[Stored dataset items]

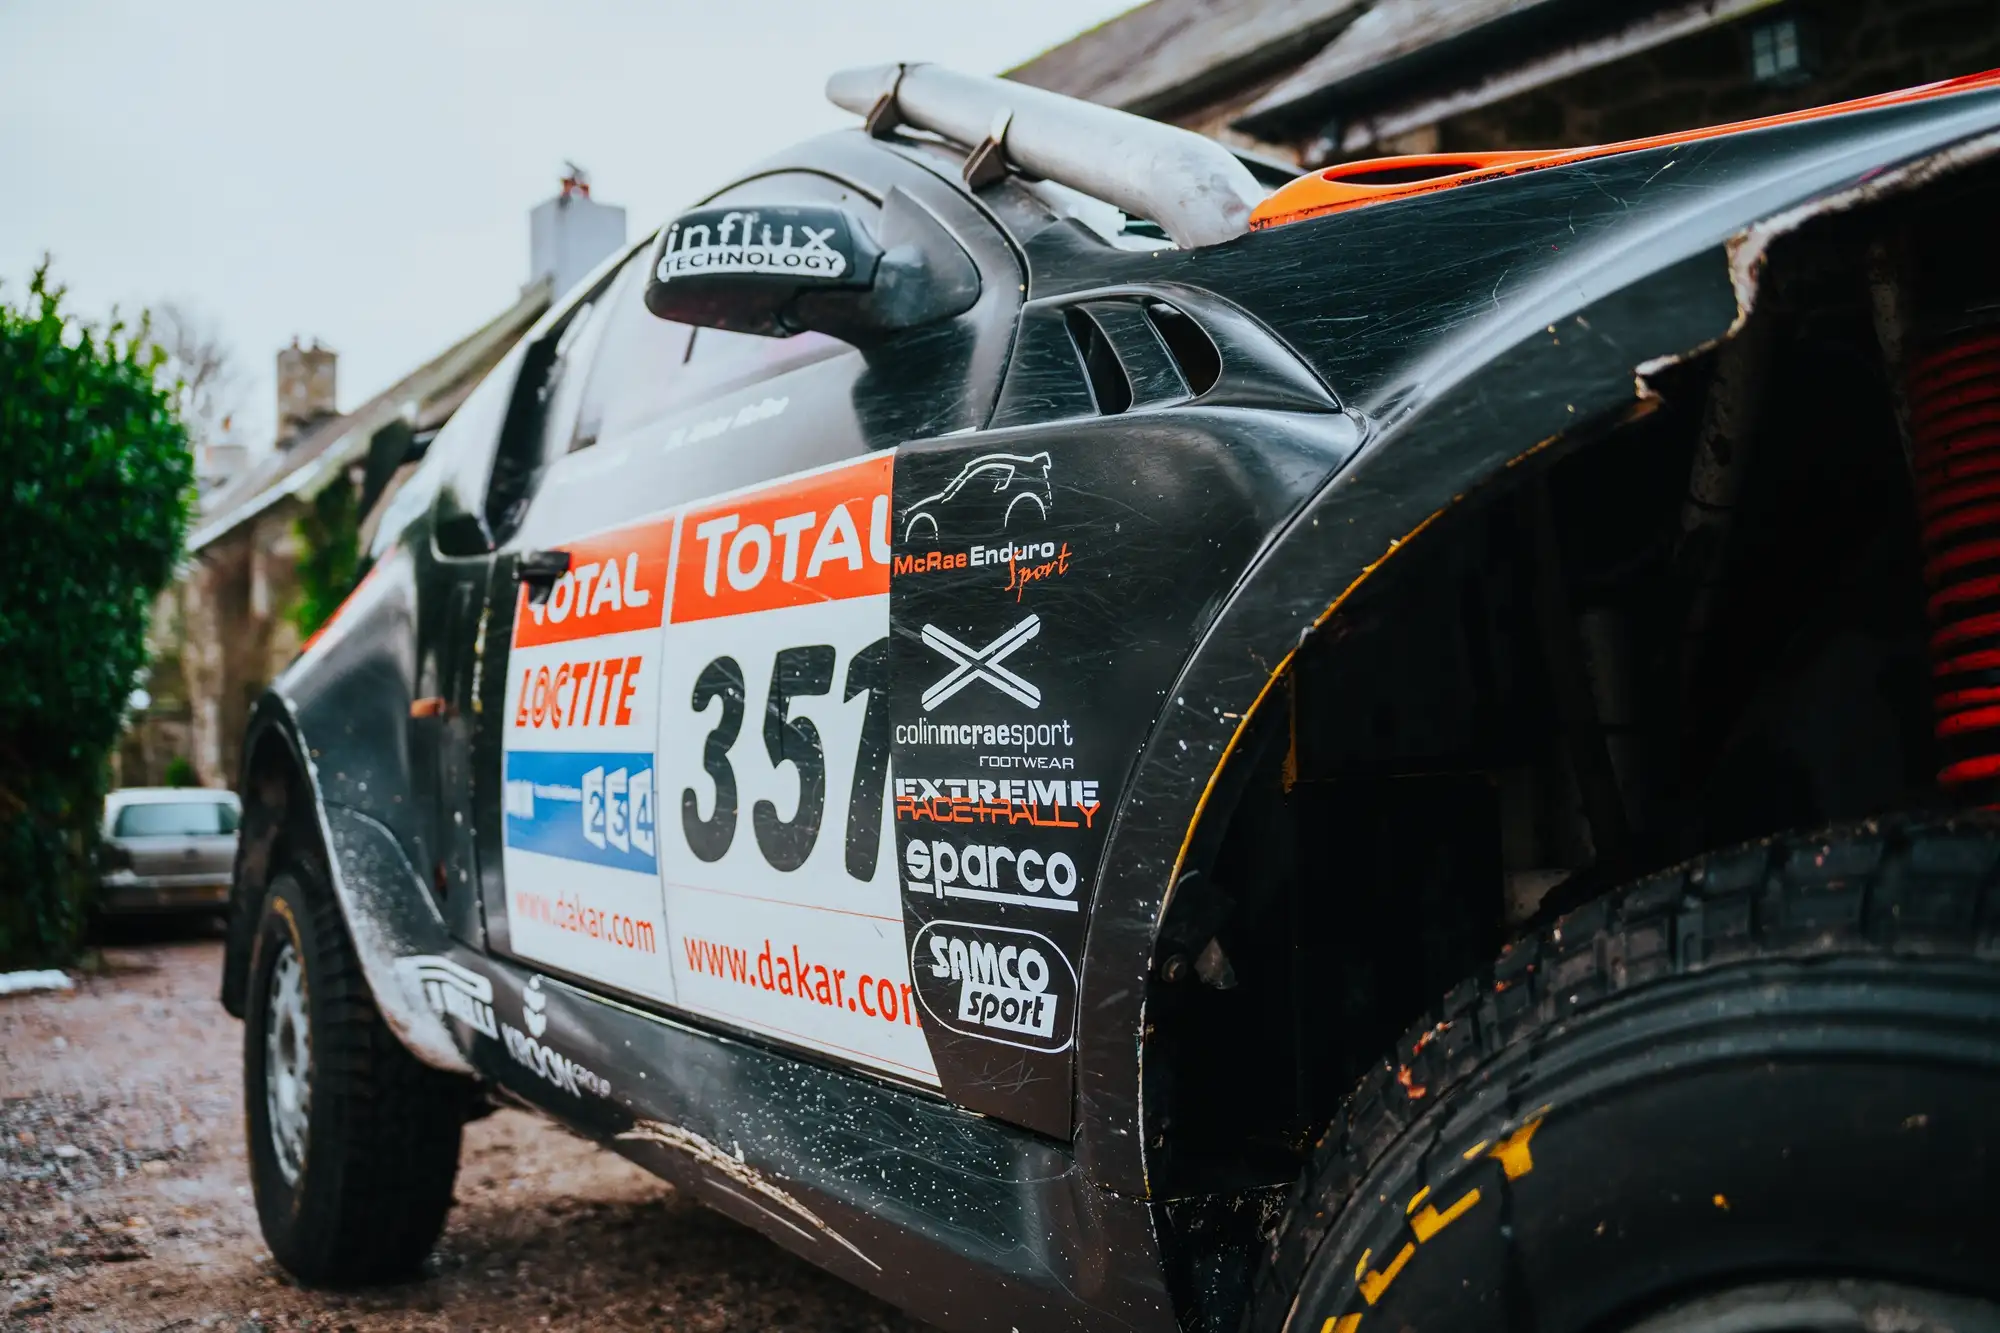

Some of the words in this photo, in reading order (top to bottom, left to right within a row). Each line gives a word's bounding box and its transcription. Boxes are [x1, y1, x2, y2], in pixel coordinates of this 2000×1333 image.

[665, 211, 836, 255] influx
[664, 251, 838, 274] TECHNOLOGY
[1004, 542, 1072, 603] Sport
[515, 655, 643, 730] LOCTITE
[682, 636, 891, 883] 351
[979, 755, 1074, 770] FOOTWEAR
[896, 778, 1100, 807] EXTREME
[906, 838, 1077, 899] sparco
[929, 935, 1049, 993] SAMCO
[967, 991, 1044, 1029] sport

What to do ->
Give the data above again, exactly and completely. No pictures go in.

Solution to the exercise ->
Some of the words in this photo, in reading order (top to bottom, left to right within a row). Each line gives a word's bounding box and its transcription. Boxes are [x1, y1, x2, y2], in pixel coordinates of this 2000×1333 image.

[665, 211, 836, 255] influx
[664, 251, 838, 274] TECHNOLOGY
[1004, 542, 1072, 603] Sport
[515, 655, 643, 730] LOCTITE
[682, 636, 891, 883] 351
[979, 755, 1074, 770] FOOTWEAR
[896, 778, 1100, 807] EXTREME
[906, 838, 1077, 899] sparco
[929, 935, 1049, 993] SAMCO
[967, 991, 1044, 1029] sport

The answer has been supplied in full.